Вступительную речь произнес руководитель Комиссии по госязыку Андрей Вейсбергс. Он отметил, что влияние на латышский язык было даже большим, чем можно себе представить. Потому что помимо превосходства русского языка навязывалась и идеология. И эти пережитки прошлого живы и по сей день. В то же время Вейсбергс признал, что к советскому времени нельзя относиться только негативно. Хотя бы потому, что тогда были очень качественные и хорошие переводы. Декан Вентспилсской высшей школы Янис Силис пояснил: в советское время переводов было мало, в основном переводились книги, пропагандирующие советский образ жизни, зато очень высококачественные. Переводчики чуть ли не в очередь становились, чтобы удостоиться этой чести. А сейчас переводов много, но квалификация переводчиков и корректоров оставляет желать лучшего.

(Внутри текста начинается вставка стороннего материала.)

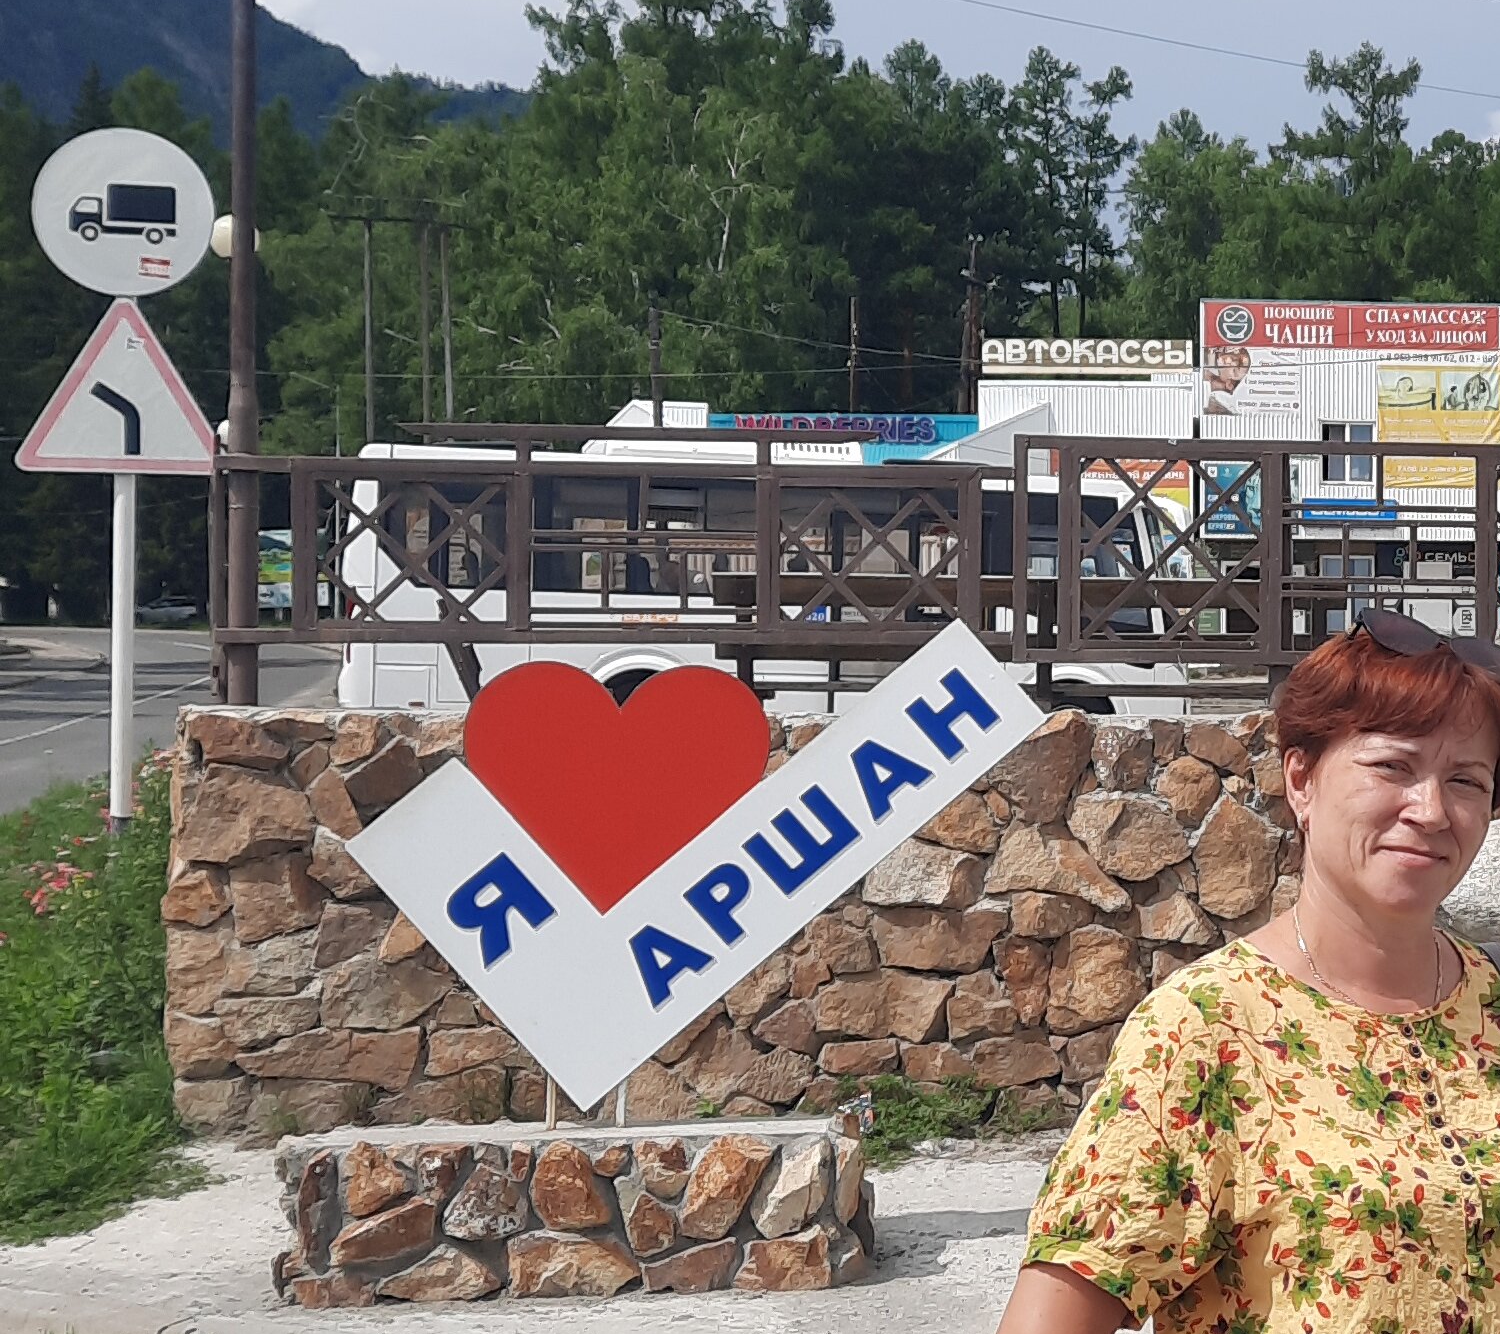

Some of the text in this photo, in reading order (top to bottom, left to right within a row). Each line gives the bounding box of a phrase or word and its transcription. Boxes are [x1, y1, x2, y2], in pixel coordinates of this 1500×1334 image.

[1264, 307, 1334, 320] ПОЮЩИЕ
[1365, 309, 1487, 326] СПА МАССАЖ
[1264, 323, 1334, 345] ЧАШИ
[1365, 329, 1487, 345] УХОД ЗА ЛИЦОМ
[981, 338, 1192, 365] АВТОКАССЫ
[627, 667, 1002, 1013] АРШАН
[446, 851, 558, 971] Я
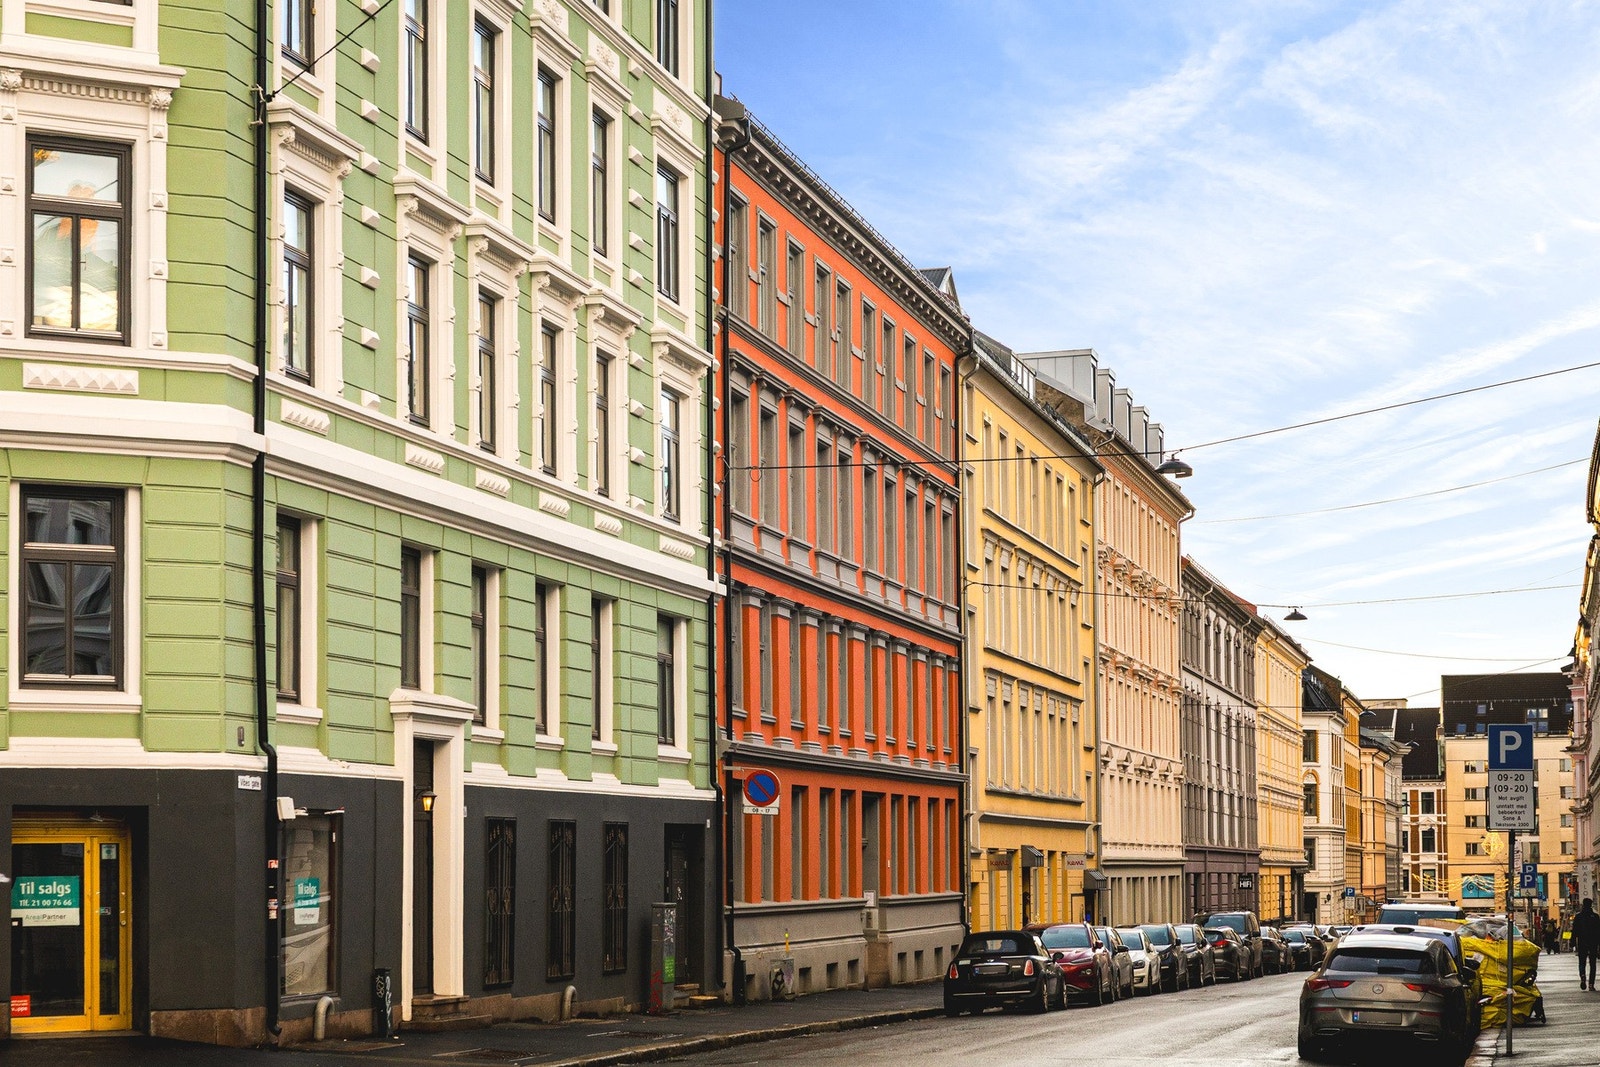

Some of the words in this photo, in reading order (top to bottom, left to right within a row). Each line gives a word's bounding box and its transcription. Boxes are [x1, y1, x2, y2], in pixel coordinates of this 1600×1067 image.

[1500, 731, 1522, 764] P
[1497, 773, 1525, 782] 09-20
[1493, 784, 1529, 793] (09-20)
[1524, 875, 1533, 887] P
[20, 881, 35, 895] Til
[38, 881, 72, 897] salgs
[1347, 888, 1354, 896] P
[31, 899, 40, 907] 21
[42, 899, 51, 907] 00

Оригинальная литература тоже подвергалась, по его словам, хоть и качественной, но своеобразной интерпретации: цензура была везде, многие моменты не пропускались, зато откуда ни возьмись в Шекспире (это, конечно, утрировано) могли появиться диалоги советских милиционеров. Вейсбергс не без иронии заметил, что переводы с русского составляли 67%. Справедливости ради он признал, что то же самое сейчас происходит и с английским языком.
Двойной стандарт
Еще один негативный аспект — очень трудно разъяснять за рубежом свою политику, поскольку не все понимают, что Латвия была оккупирована. Она воспринимается как постсоветское русскоязычное пространство. Плохо и то, что латышский язык вытеснялся изо всех сфер. Даже в 1945-1949 годах, когда существовало официальное двуязычие, доминировал русский. Все названия, в том числе всякие "моспромтресты" переводились на латышский, однако в реальной жизни употреблялись только русские слова. Все диссертации, указы, общение на предприятиях и в госучреждениях, все велось на "великом и могучем". В итоге к моменту восстановления независимости "растерялся" деловой латышский язык. Каждый раз, выпуская новый нормативный документ, приходилось изгаляться, чтобы придумать ему название. И новые слова в народе приживаются с трудом, по-прежнему употребляются советские фразеологизмы.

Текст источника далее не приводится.